Carlos: Another interesting point you made. Talking a little bit about pride, now you kind of talked about it in the developer’s sense. But even as DBAs right we have the data, it belongs to us, we’re masters of the domain, uhm, and one point there are all these monitoring tools that are out there that will help us collect historical information about the SQL Server. I think at times we shy away from that and I know even when I first started in the past communities. Start learning about all the DMVs and you’re like, “Ok, I’m going to make this monitoring program if you will myself.” And I actually heard a talk from Adam Machanic, right, which I lot of respect for. He’s been on the show SP_WhoIsActive, kind of going through all of those DMVs to collect that information and I remember him making the comment, “Oh yeah, but we put a monitoring tool on all of our environment.” Now it happened to be at an event of a company that has a monitoring product and I thought he was maybe just saying that because they’re at this event. So I followed up with him afterwards and I’m like, “So, is that for real?” And he’s like, “I don’t know. It’s for real.” He’s like, “Why do all that hard stuffs yourself? I mean people kind of figured that out. Get something that works for you, that will capture that history and then you can start digging in particularly I think in the beginning.”
Steve: And I think that there are just so many different… Go ahead Pinal.
Pinal: No, please go ahead Steve. No, no, I think your point is same thing I’m going to say that there are so many different things out there that does not one solution we can do. But I think you were saying the same thing.
Steve: Yup. I think we’re, there’s just so many different ways to do what people are trying to do with different monitoring and tuning that anytime you can avoid sort of reinventing it yourself every time if you can reuse something or use some tools that are already there. You can save a lot of time and save a lot of money. And I think that’s one of the things that performance tuning side of consulting. Having those tools available to you can really make a big difference there.

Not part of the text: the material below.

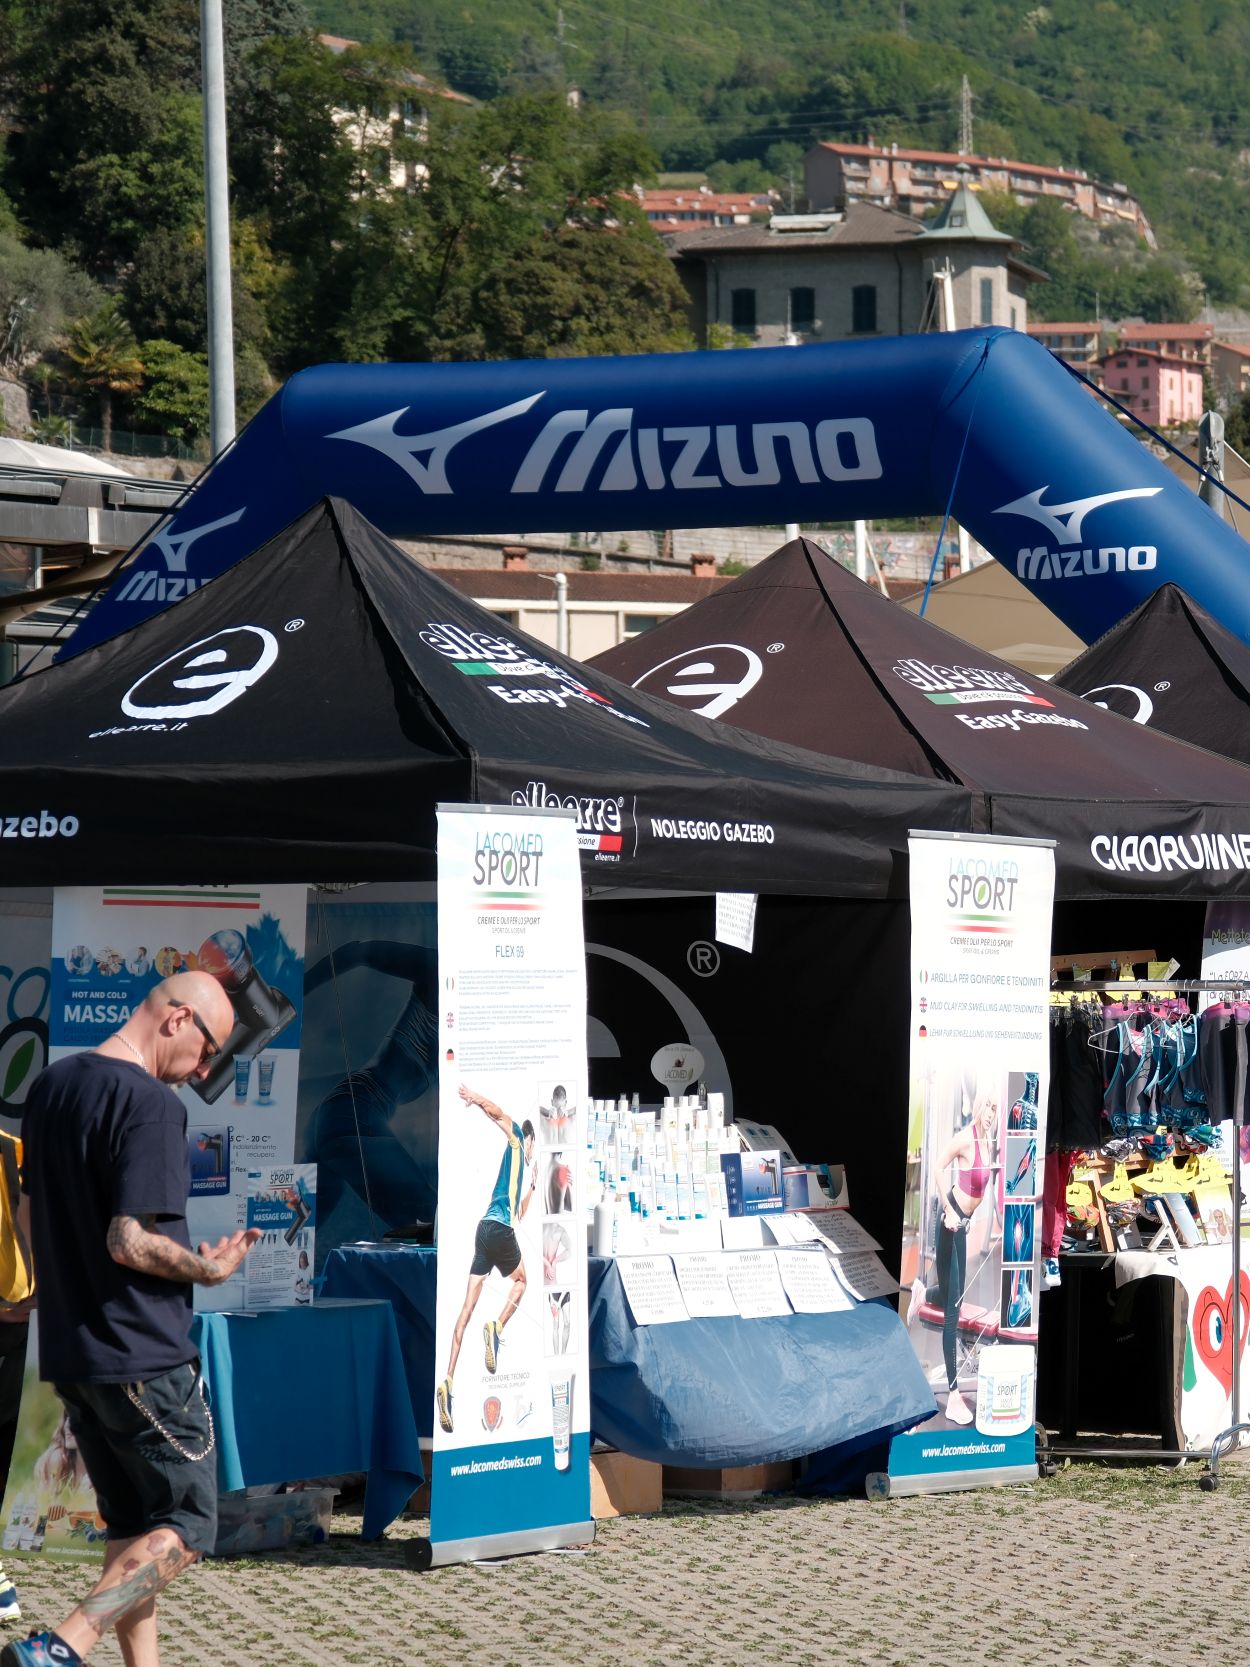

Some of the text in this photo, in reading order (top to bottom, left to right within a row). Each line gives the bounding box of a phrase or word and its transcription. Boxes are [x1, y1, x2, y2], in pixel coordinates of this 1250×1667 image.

Pinal: Alright, and I think Steve, I think you also took an attempt building this one, right? I think you are the right person to talk about it because I think you have your own monitoring tool and which you have people like databasehelp, right, that just updated in October. I installed it in one of my computer and it does a lot of things. So yeah, I think uhm, and it does, I’m sure you built it by thinking that you want to solve some one problem and then you keep on adding more things as people requested. And I think that’s how the, I think the monitoring tool out in the industries are also done the same way. They come up with the one with a similar request and things. I think same thing happening with me and my consultation also that people keep on asking more thing to add and, uhm, they want to always solve a little problem but once the problem is solved they want to add more things. And yeah, so they keep on doing it. And Steve, maybe one good idea would be maybe at the end of the webcast or maybe on a podcast page you can add your databasehelp.com link. I think people can try this out and I see you just updated in October.
Steve: Yup. You know, that’s a great idea. Thanks for mentioning that. I know that we try and mention it when we can. There’s more more people using it throughout the world every day. But yeah, it’s one of those things that it’s just a monitoring tool that’s there. And it does a lot of the things that people try and invent on their own and save a lot of time doing it that way.
Carlos: So, let’s turn a little bit back. I know you had a presentation at past summit I think on performance tuning just a few weeks ago. Didn’t you?
Pinal: Right, I do. Yes. It was fun, I had 400 people and I got amazing rating. I was so honored looking at what people just said good stuff about me. I was like, I was honored. I think I’m humbled. People are very very kind. Yeah.
Steve: You know, that’s true. The past community. Yeah, you are good at what you do but I think the past community is an amazing group. There is a lot of kind people out there, definitely. So one of the things that was on the list there was about your transaction durability and its impact on queries. And that’s one, maybe if you can talk about that for a few minutes.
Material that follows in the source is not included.